Doch mit diesem Vorschlag ändert sich nichts Grundlegendes am Hartz-System. Hinzu kommt: Das Hartz IV System will Schulz (außer einer Erhöhung des Schonvermögens) nicht antasten. Nicht überraschend sagte er gegenüber der Rheinischen Post: „Bei den Sanktionen geht es ja nicht um Schikanen.“ Ihm zufolge gehe es darum, „dass sich selbstverständlich auch Bezieher von Hartz IV an bestimmte Spielregeln halten und etwa verabredete Gesprächstermine einhalten“. (n-tv 17. März) Soweit so dreist: Wenn es nach Schulz geht, bleibt Armut per Hartz IV-Gesetz bestehen.
Weg mit der Agenda 2010
DIE LINKE sollte auf die halbgaren Vorschläge mit ihrer Forderung nach der Rücknahme der Agenda 2010 und Hartz IV reagieren und daneben ihre Forderung nach einer sanktionsfreien Mindestsicherung von 1050 Euro in den Mittelpunkt des Wahlkampfes rücken. Unmittelbar sollte sie außerdem fordern, dass das ALG I im Falle eines arbeitgeberseitig bedingten Verlustes des Arbeitsplatzes unbefristet weiter gezahlt wird und die Hürden für den Erwerb des ALG I abgesenkt werden. Zudem sollte der Kündigungsschutz verbessert werden, indem die Vor-Agenda-2010-Regelung wieder in Kraft gesetzt wird.
Sahra Wagenknecht hat absolut Recht wenn sie nach der Wahl von Schulz schrieb: „Leider heißt 100 Prozent für Martin Schulz noch lange nicht 100 Prozent sozial.

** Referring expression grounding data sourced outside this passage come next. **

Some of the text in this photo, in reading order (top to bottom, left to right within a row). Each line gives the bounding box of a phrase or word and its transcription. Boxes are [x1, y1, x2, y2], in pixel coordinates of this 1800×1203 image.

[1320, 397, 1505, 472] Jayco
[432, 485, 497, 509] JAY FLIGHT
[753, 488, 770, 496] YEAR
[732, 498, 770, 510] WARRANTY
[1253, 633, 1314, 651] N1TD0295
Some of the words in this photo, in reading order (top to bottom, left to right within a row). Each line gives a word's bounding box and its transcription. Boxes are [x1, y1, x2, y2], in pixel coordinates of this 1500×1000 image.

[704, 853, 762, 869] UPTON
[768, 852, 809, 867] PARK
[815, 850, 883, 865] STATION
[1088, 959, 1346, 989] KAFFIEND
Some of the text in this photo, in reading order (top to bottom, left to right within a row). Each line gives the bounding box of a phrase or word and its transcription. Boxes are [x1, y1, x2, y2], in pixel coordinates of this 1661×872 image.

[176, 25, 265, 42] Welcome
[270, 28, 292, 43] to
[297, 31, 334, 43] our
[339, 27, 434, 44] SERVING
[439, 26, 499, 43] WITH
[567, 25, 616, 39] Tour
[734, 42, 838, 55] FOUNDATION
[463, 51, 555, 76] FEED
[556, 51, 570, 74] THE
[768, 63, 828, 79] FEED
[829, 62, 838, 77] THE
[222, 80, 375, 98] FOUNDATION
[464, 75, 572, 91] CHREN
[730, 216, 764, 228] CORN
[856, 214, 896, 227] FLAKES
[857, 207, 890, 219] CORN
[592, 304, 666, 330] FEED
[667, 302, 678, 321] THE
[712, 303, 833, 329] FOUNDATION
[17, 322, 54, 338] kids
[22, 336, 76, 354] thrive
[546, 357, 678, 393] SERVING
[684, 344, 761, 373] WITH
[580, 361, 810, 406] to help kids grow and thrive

Denn zwar gab es bei der SPD auch heute wieder viele schöne Worte über soziale Gerechtigkeit. Aber klar wurde auch: An Lohndrückerei, Rentenkürzungen und Hartz IV soll sich nach den Plänen von Martin Schulz nicht allzu viel ändern. Auch die Wiedereinführung einer Vermögenssteuer für Multimillionäre oder höhere Erbschaftssteuern scheinen für die SPD unverändert tabu zu sein. Das bleibt noch hinter dem SPD-Wahlprogramm von 2013 zurück. Und es stellt sich die Frage, wie ohne angemessene Besteuerung der Superreichen all die schönen (und richtigen!) Forderungen nach besserer Bildung und gebührenfreier Kita finanziert werden sollen.“
Das Problem ist jedoch, dass neben viel richtiger Kritik aus der LINKEN auch vermehrt Signale in Richtung Rot-Rot-Grün zu vernehmen sind. Was derzeit hängen bleibt sind nicht die Kritik und Zweifel an Schulz, sondern dass DIE LINKE gern mit Schulz zusammen zu bestimmten Bedingungen regieren würde.
Schulz ist fake news
Die Antikapitalistische Linke hat in ihrer Erklärung zum Bundestagswahlkampf völlig zu Recht geschrieben: „Wesentliche Aufgabe der LINKEN ist es, Menschen mit Hoffnung auf soziale Gerechtigkeit ein Angebot zur Selbstorganisation und dem Aufbau von Widerstand zu machen. Es ist nicht Aufgabe der LINKEN, die Illusionen in Schulz zu verstärken. Schulz ist fake news. Als Verteidiger der kapitalistischen Ordnung steht er für die Durchsetzung von CETA, hat die Erpressung der südeuropäischen Länder durch die Troika mit vorangetrieben und im Europaparlament als Parlamentspräsident vor allem im Interesse der dortigen Großen Koalition agiert. (…) DIE LINKE hat erstens die Aufgabe, Bewusstsein über die reale grausame Politik der SPD zu schaffen und DIE LINKE als einzige Alternative anzubieten. Zweitens sollte sie der Bevölkerung helfen, die SPD an ihren Taten zu messen und darauf hinzuweisen, dass manche Ankündigungen von Schulz bereits jetzt im Bundestag mehrheitlich beschlossen werden könnten. Dazu sollte DIE LINKE eigene Anträge einbringen.“
Es sollte jetzt auch darum gehen, das eigene soziale Profil zu schärfen und mit dem friedenspolitischem Profil der LINKEN im Wahlkampf zu punkten. Kitas statt Kanonen – Rente statt Rüstung!
René Henze ist Landessprecher der Antikapitalistischen Linken (AKL) Mecklenburg-Vorpommern und Mitglied des SAV Bundesvorstands.